"Survival and Normativity: Kin Relatedness among Palestinian Refugees in Lebanon"
This research project explores the making of family norms in the Palestinian refugee community of southern Lebanon. Settling in Tyre, I will examine the suffering and creativity involved in carrying on an ethics of family life in the ever-provisional and ever-shifting environment of refugee camps. Recent philosophical and anthropological works posit the refugee as essential for theorizing the margins of current global politics. In this project, I extend this analytic framework to the fabric of intimacy, relatedness and political subjectivity in the contemporary Middle East, by focusing on everyday patterns of sociality that emerge in such environments of prolonged uncertainty and instability.

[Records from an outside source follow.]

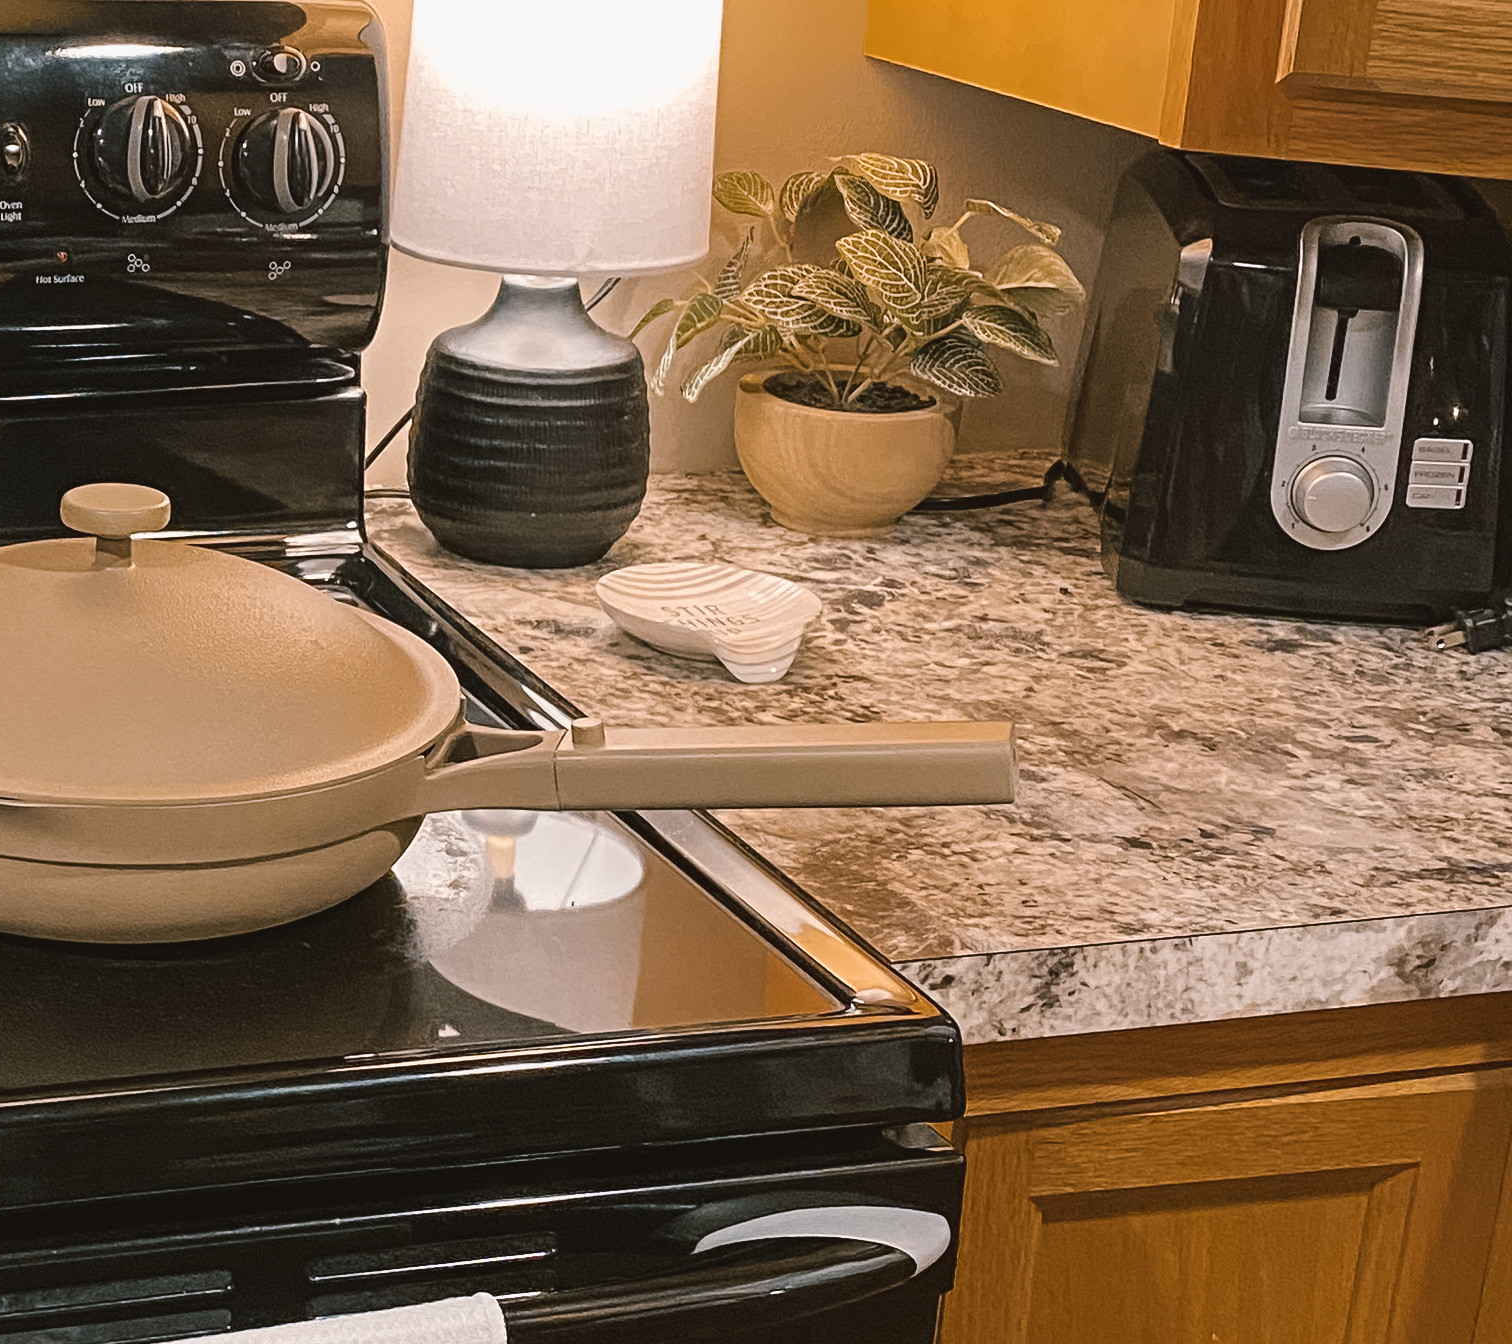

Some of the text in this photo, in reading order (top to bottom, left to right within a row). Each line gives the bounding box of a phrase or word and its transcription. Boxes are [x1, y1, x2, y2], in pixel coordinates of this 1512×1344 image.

[88, 97, 106, 107] Low
[165, 93, 186, 104] High
[270, 92, 288, 103] OFF
[234, 107, 251, 116] Low
[309, 103, 329, 113] High
[225, 127, 231, 137] 2
[0, 200, 23, 210] Oven
[0, 211, 22, 223] Light
[35, 273, 85, 284] Hot Surface
[660, 604, 726, 617] STIR
[678, 615, 760, 628] HINGS
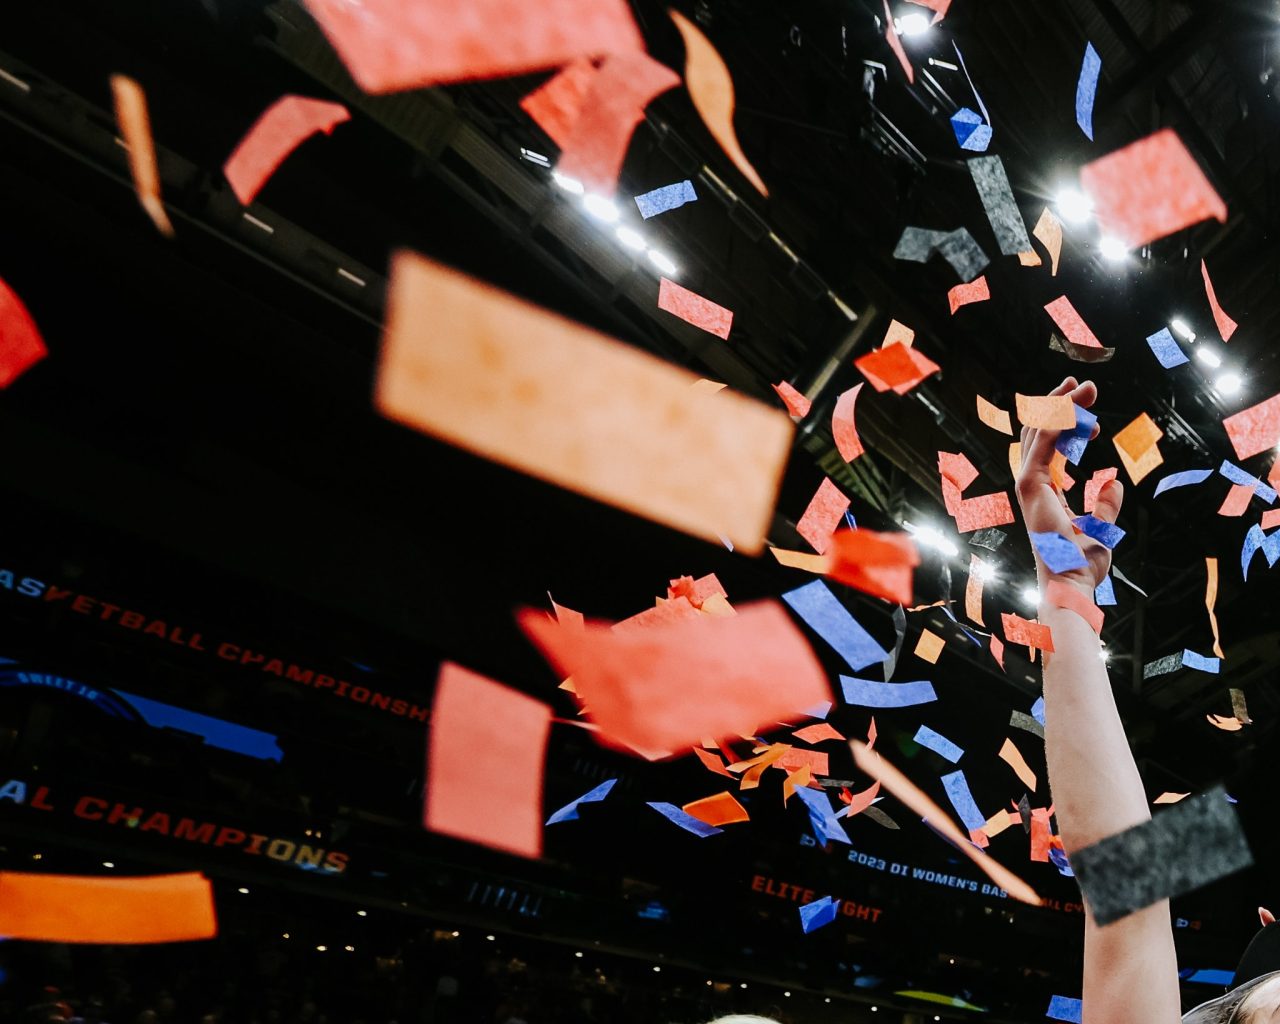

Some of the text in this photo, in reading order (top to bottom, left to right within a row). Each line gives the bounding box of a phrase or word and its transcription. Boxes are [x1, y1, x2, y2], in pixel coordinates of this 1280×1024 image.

In doing so, I seek to bring to light the multiplicity of regimes for being ‘modern subjects’ in the Middle East, while complicating the picture of refugees as solely embodying the horrors of political violence and forced displacement. On a larger scale, I also seek to contribute to a reconceptualization of the Arab family, taking into account the long-term effects of political violence in the area. I will approach the Palestinian family not as a necessarily secure ground for experience and meaning, but rather as a specific mode of delimiting and instituting a viable milieu in conditions of continuing or ever-growing political and social uncertainty. Finally, my project will speak to current debates regarding the normativity of social life—the capacity for newness to emerge, in circumstances of crisis, at the heart of long-established norms—in relation to the task of survival in ecologies of precariousness.